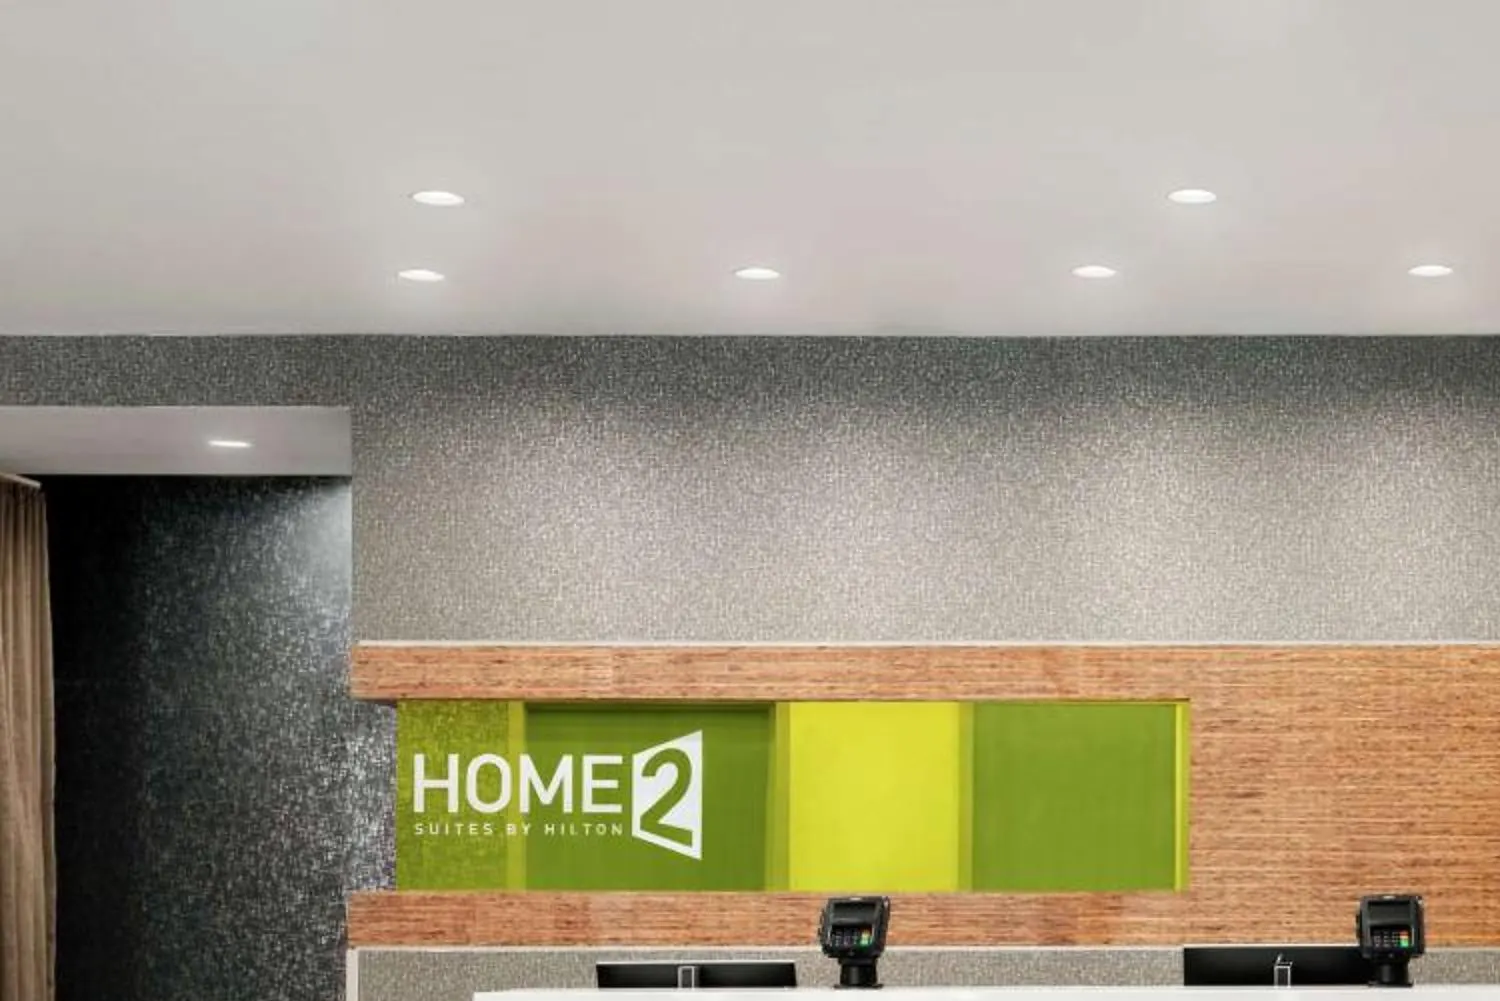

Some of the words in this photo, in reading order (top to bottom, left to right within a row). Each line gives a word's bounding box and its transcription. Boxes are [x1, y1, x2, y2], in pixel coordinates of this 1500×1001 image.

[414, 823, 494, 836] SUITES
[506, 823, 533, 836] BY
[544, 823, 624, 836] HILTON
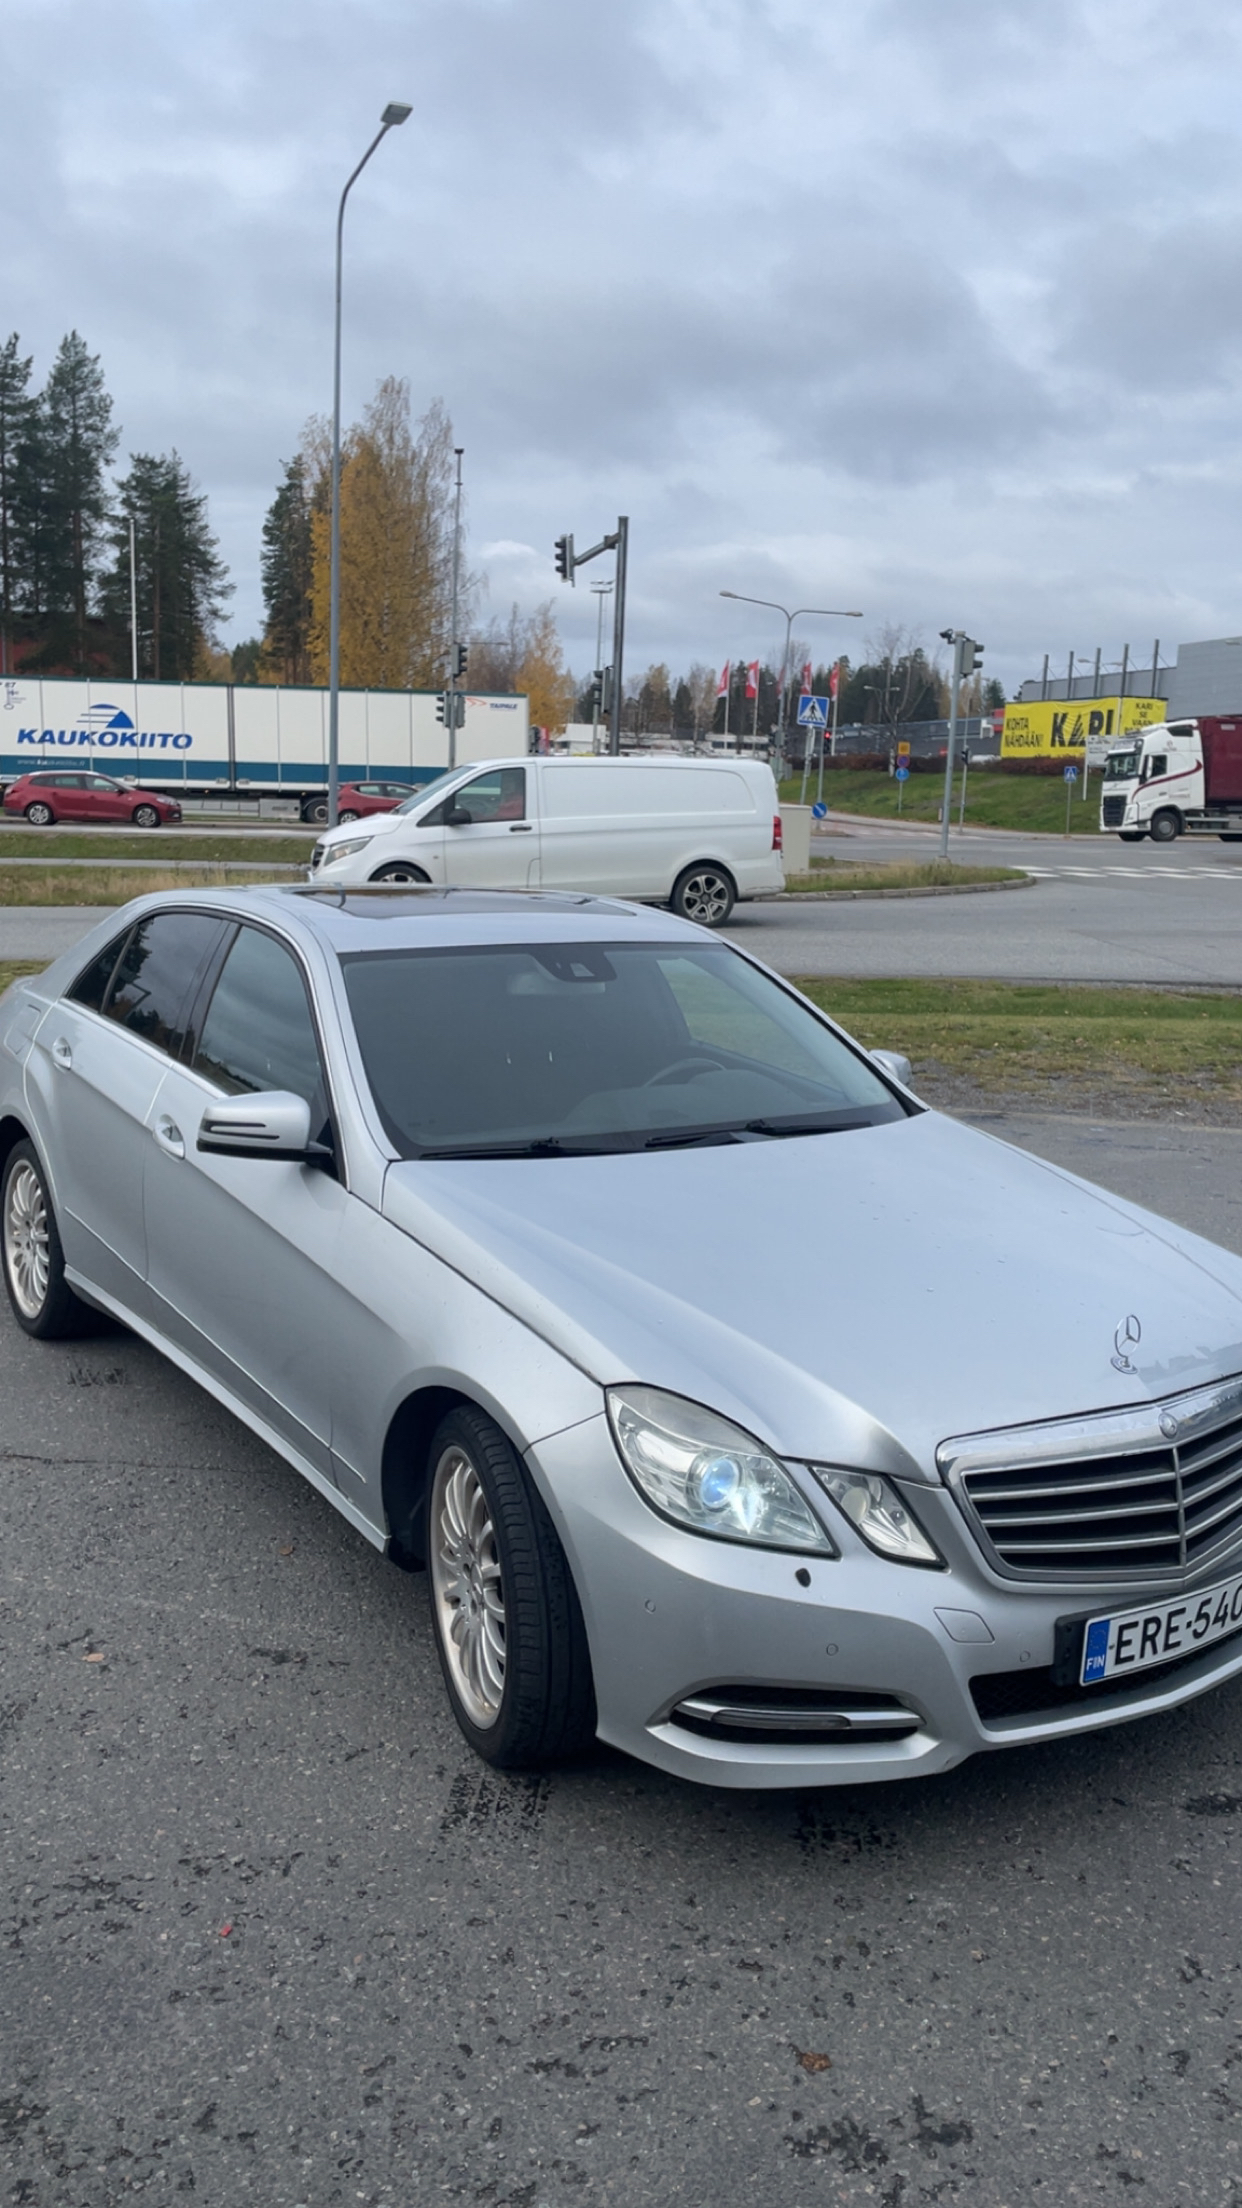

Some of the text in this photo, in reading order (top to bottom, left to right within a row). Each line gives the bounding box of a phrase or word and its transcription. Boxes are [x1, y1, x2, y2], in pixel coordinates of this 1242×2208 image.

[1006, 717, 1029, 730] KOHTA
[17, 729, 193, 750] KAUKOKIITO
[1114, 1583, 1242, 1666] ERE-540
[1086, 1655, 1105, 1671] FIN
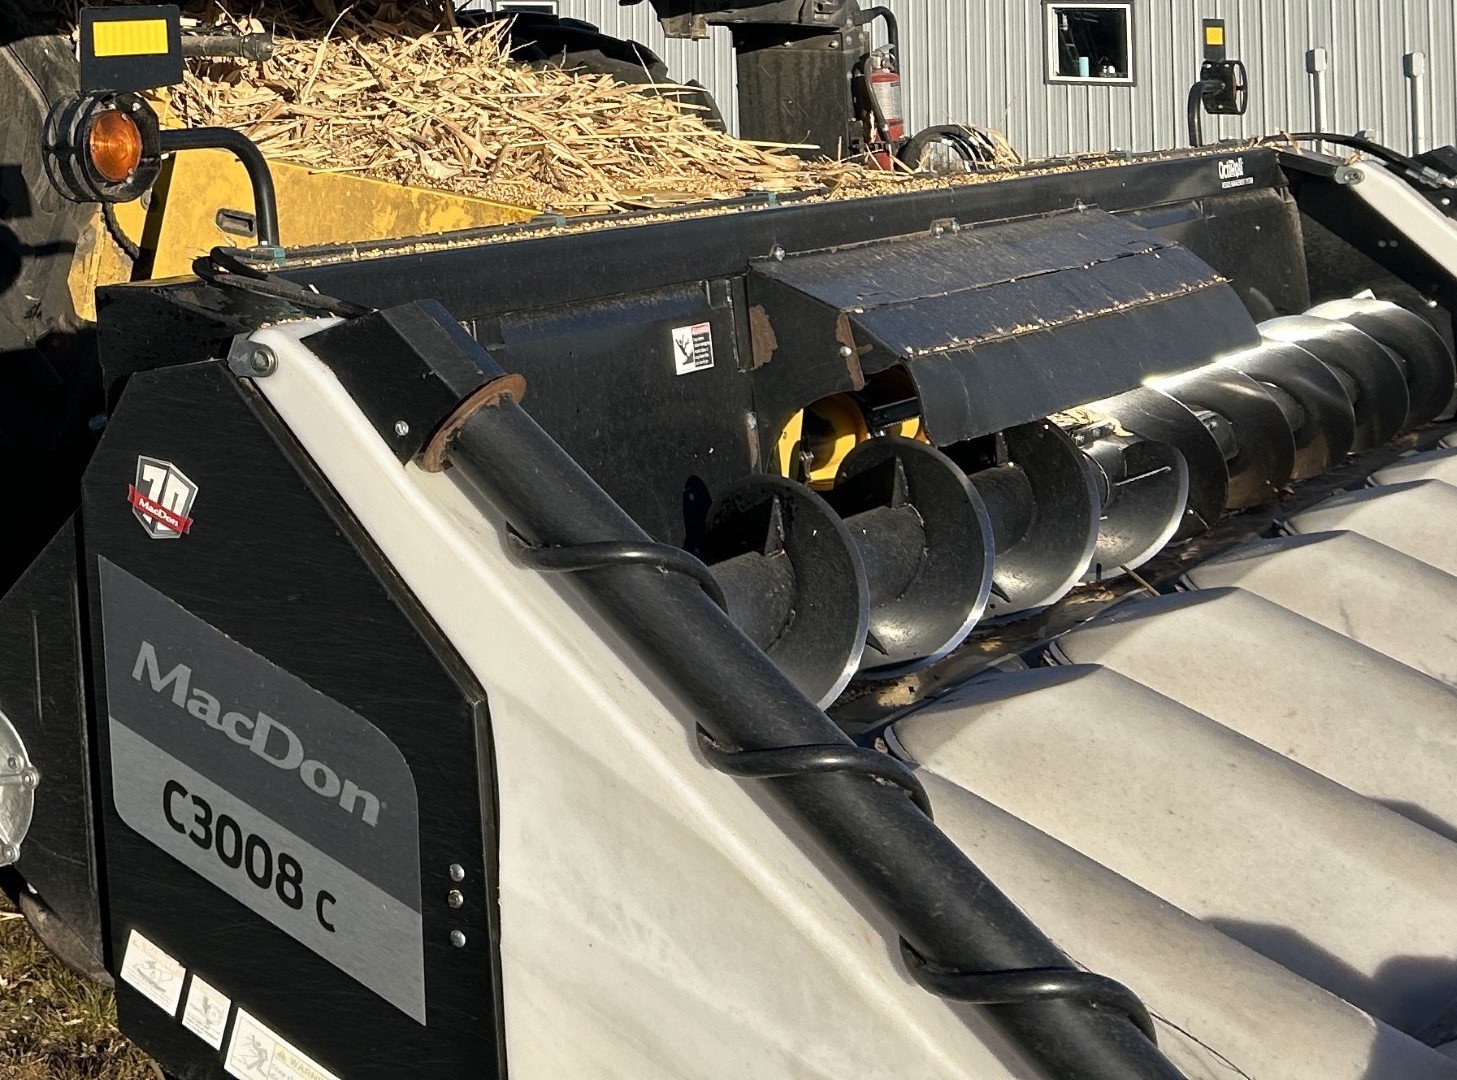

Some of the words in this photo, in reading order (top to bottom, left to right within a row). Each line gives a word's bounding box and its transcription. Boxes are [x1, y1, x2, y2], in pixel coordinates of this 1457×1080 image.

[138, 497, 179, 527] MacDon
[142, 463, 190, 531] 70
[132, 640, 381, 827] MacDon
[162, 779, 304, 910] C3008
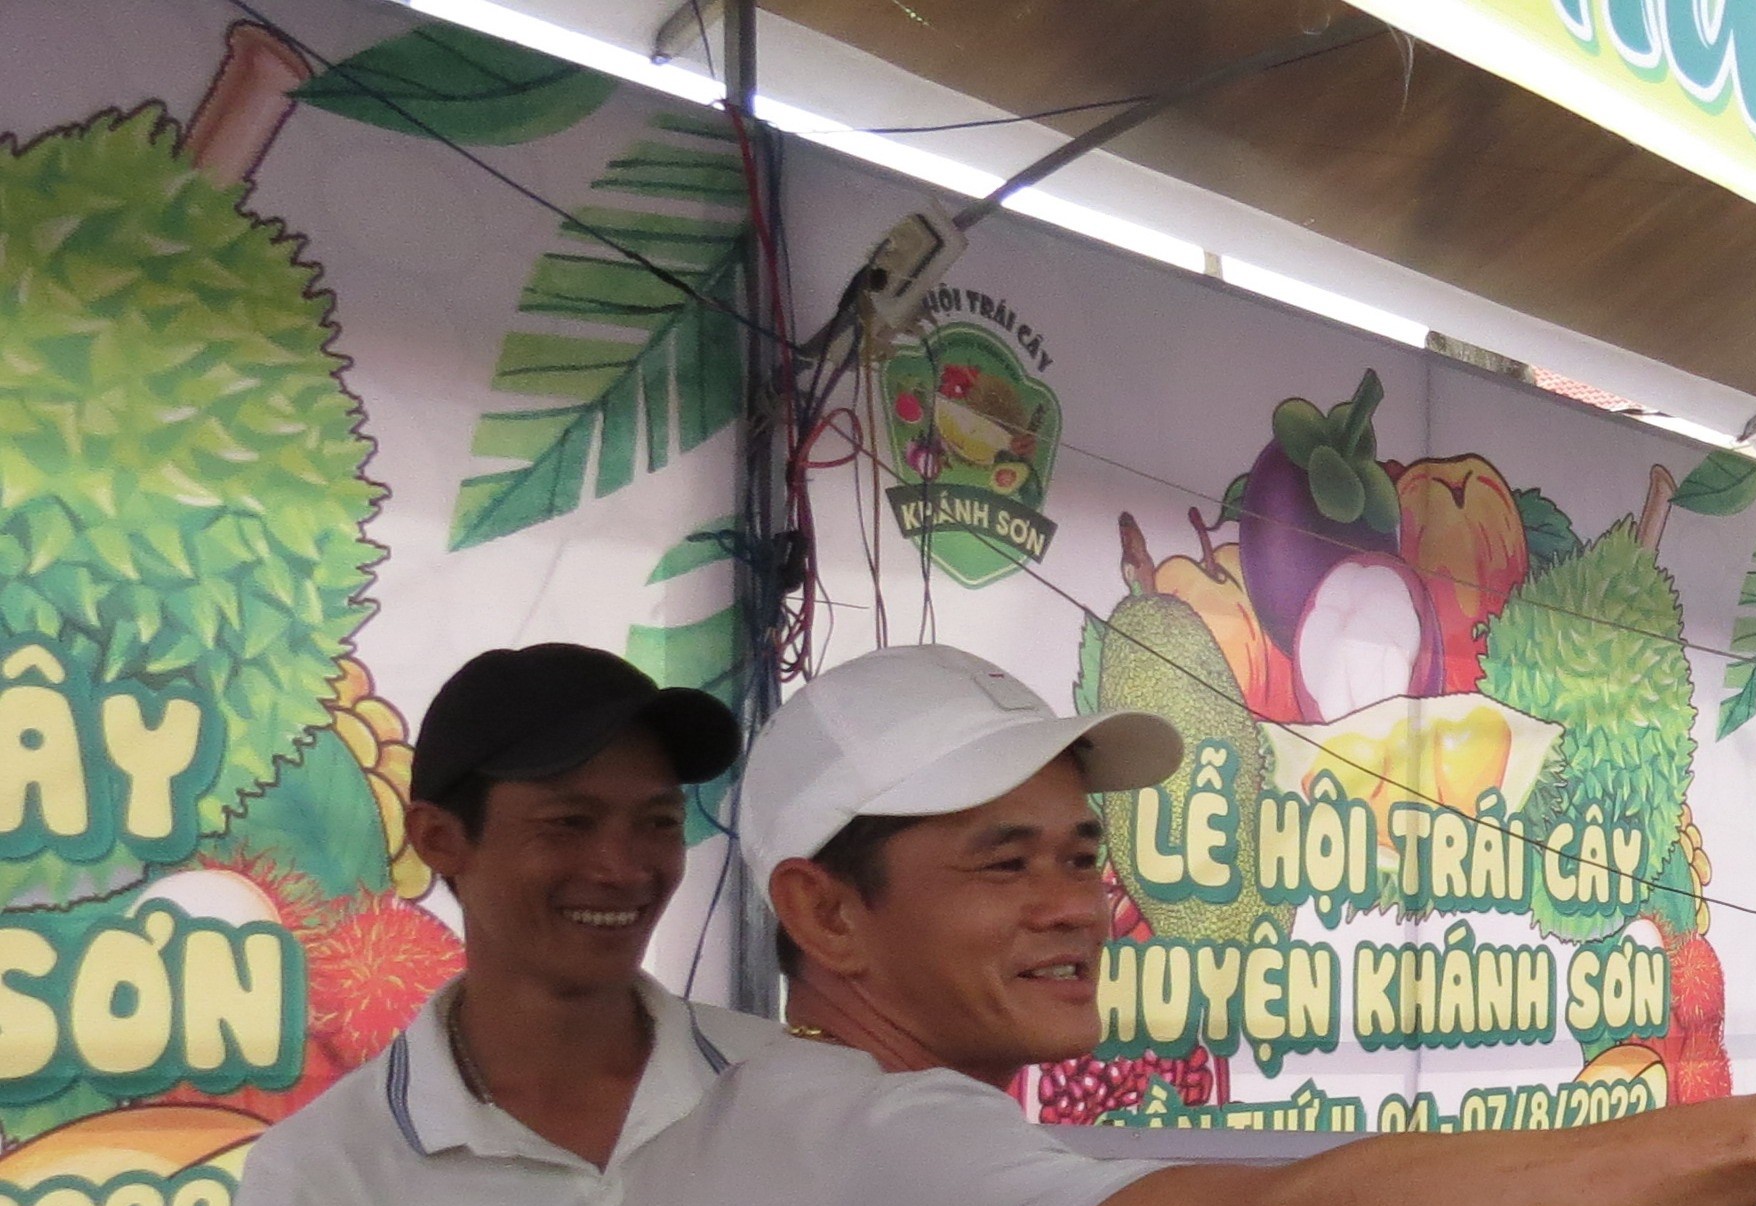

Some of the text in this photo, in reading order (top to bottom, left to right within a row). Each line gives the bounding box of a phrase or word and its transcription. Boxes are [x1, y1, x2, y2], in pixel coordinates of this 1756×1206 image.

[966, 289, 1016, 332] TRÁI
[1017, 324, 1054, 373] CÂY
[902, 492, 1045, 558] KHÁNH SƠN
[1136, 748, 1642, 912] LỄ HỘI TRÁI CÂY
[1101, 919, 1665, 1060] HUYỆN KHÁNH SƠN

#### WORK REQUIRED
Please reproduce the entries above line by line, exactly, leaving out each image.

#### TASK SOLUTION
Some of the words in this photo, in reading order (top to bottom, left to right within a row). Each line gives a word's bounding box and its transcription. Boxes are [x1, y1, x2, y2], in pixel coordinates of this 1500×1001 image.

[414, 823, 494, 836] SUITES
[506, 823, 533, 836] BY
[544, 823, 624, 836] HILTON

Some of the text in this photo, in reading order (top to bottom, left to right within a row). Each line gives the bounding box of a phrase or word and its transcription. Boxes are [x1, y1, x2, y2], in pixel coordinates of this 1242×2208 image.

[1006, 717, 1029, 730] KOHTA
[17, 729, 193, 750] KAUKOKIITO
[1114, 1583, 1242, 1666] ERE-540
[1086, 1655, 1105, 1671] FIN

Some of the words in this photo, in reading order (top to bottom, left to right within a row). Each line gives a word's bounding box and its transcription. Boxes are [x1, y1, x2, y2], in pixel coordinates of this 1457×1080 image.

[138, 497, 179, 527] MacDon
[142, 463, 190, 531] 70
[132, 640, 381, 827] MacDon
[162, 779, 304, 910] C3008

Some of the text in this photo, in reading order (top to bottom, left to right within a row). Each line gives the bounding box of a phrase or word and its transcription. Boxes are [x1, y1, x2, y2], in pixel coordinates of this 1756×1206 image.

[966, 289, 1016, 332] TRÁI
[1017, 324, 1054, 373] CÂY
[902, 492, 1045, 558] KHÁNH SƠN
[1136, 748, 1642, 912] LỄ HỘI TRÁI CÂY
[1101, 919, 1665, 1060] HUYỆN KHÁNH SƠN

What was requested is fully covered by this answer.